Dr. Whitney Warren, his pulmonologist, was instrumental in getting him back in shape through several procedures on his lungs. He had severe permanent scaring from COVID in his lungs.

“She was awesome. She was there every step of the way making sure I could breathe,” said Hieb who says he also had to learn to walk again, sit up, and roll over. It was a journey. One that would take him to the Soldier Recovery Unit where he would work on his and his family’s new normal.

“The SRU was a Godsend. It was very traumatic for us as a family. To have someone there helping to make my husband’s appointments, getting his schedule together, taking care of us. They were a team of angels making sure he was taken care of and even our entire family. My son at one point asked to talk to a social worker because he was struggling with what was happening and they were there for him,” explained Michelle.
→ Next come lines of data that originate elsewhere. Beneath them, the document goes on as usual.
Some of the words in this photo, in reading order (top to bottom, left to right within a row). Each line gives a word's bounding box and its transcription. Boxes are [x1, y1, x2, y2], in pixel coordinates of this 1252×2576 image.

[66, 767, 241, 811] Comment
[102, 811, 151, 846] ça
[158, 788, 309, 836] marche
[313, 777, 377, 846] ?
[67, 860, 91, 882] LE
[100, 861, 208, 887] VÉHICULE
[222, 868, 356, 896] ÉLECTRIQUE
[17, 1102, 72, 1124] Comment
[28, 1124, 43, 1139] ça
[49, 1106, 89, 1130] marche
Besides having a lot of appointments, Hieb would have to get used to carrying around an oxygen tank… for the rest of his life. “By November I knew I would live but I also knew I would be on oxygen for the rest of my life. It was a matter of adapting and learning what I could do to function in life and carry on with activities,” said Hieb.

An avid kayaker, Hieb learned from the tenacity of the SRU staff that an oxygen tank when approved by docs could be part of darn near any activity… including kayaking and fishing.

“Lorraine Currow the Recreational Care Coordinator at the SRU made sure I had the opportunity to kayak. One of her ideas was to wrap pool noodles around the tank to protect it. We laughed, we didn’t need to do that, but we were able to get my doctors permission allowing me to participate in these activities,” Hieb shared.

“This is Adaptive Reconditioning at its best! It took a bit of reassurance for the kayak crew that he can manage, and he pulled it off every time,” said Lorraine Currow.

The recovery is there for the taking according to the now retired Hieb, who recently moved with his family back home to Kentucky. Trusting in yourself and the SRU staff, he says, is the first step.

“The more you can do, the more you can be like your old self the better you are going to be. Getting out and kayaking and fishing was a big part of my recovery and the SRU made that possible.”

Oxygen tank in tow, Hieb gives one final bit of praise to the Army Recovery Care Program appreciative of their support on his journey to today.

“I couldn’t even imagine not having this program. I can’t put into words enough how I was treated in the SRU. The weekly activities are so beneficial for your physical, spiritual, and educational recovery and strengthening. They truly want you to be a well-rounded person in your recovery. They treat the whole person.”